In the April 2016 issue of Dabiq Magazine, The Islamic State of Iraq and the Levant declared him a murtadd (or apostate).

==Views and accomplishments==
Webb had gone on a trip with a group of imams to Auschwitz in 2010, and then following the trip, publicly condemned Holocaust-denial and anti-Semitism. He helped raise $20,000 for widows and children of firefighters killed in the 9/11 attack. He is a part of efforts to more effectively rebut militants and religious extremists and is an advocate for grassroots Muslim activism to promote social change. He advocates for an American-style Islam, one which he claims to be true to the Quran and Islamic law but that reflects the country's customs and culture. He has spoken out against radical clerics that seek to prey on insecure youth and their American identities, stating that "We do have to shepherd them and look out for people like al-Awlaki who tries to undermine that (U.S.) experience and use it against them." Following the Boston Marathon bombing, Webb condemned the acts as radical and joined with interfaith clergy to pray that "we continue to live in harmony, honoring and celebrating our similarities and differences, working together for the common good."

==Controversies==
In 2007, Webb wrote an article calling homosexuality an “evil inclination” and told a gay would-be convert to Islam to seek treatment for his “problems”. He says he has since re-thought the issue and says that though homosexuality is sinful, the constitution guarantees everyone the right to be married. Webb has also had LGBT people contribute to his website, noting that a time has come for a change how the community addresses this issue.

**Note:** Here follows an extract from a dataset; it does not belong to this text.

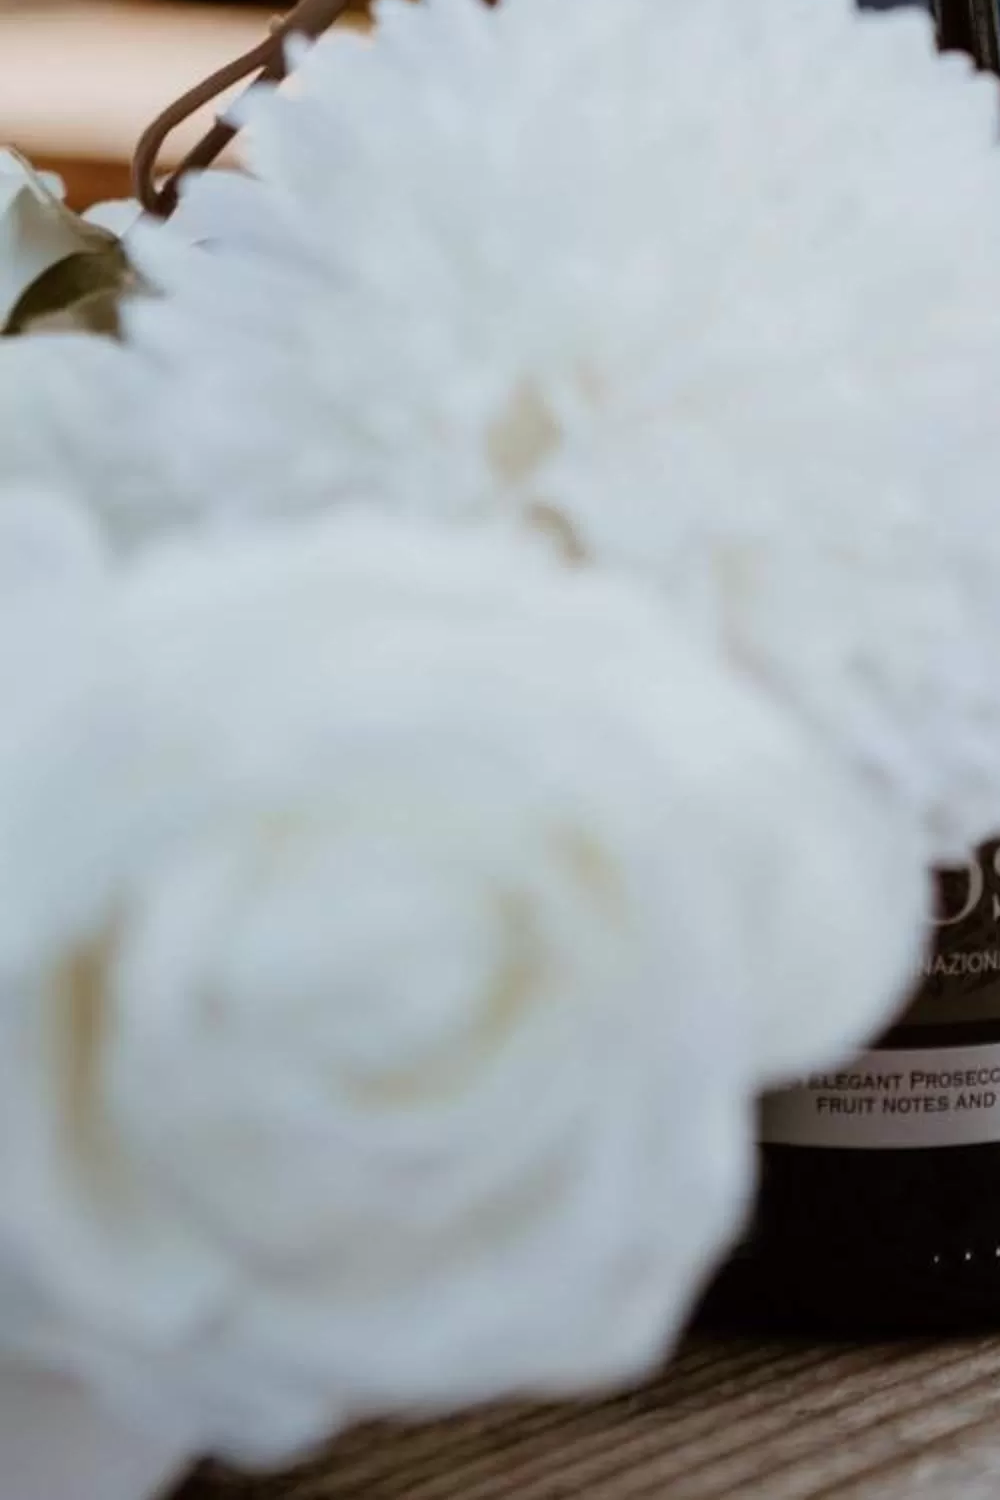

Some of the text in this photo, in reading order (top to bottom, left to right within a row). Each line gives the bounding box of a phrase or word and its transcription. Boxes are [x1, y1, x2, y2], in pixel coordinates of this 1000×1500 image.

On April 19, 2013, Webb was replaced as the representative of Boston's Muslim community to the interfaith service honoring the victims of the Boston Marathon bombing at the Cathedral of the Holy Cross by Governor Deval Patrick's office for undisclosed reasons. Webb still attended in the pews along with several other prominent imams. Webb was replaced by Nasser Wedaddy, director of civil rights outreach for the American Islamic Congress and chair of the New England Interfaith Council.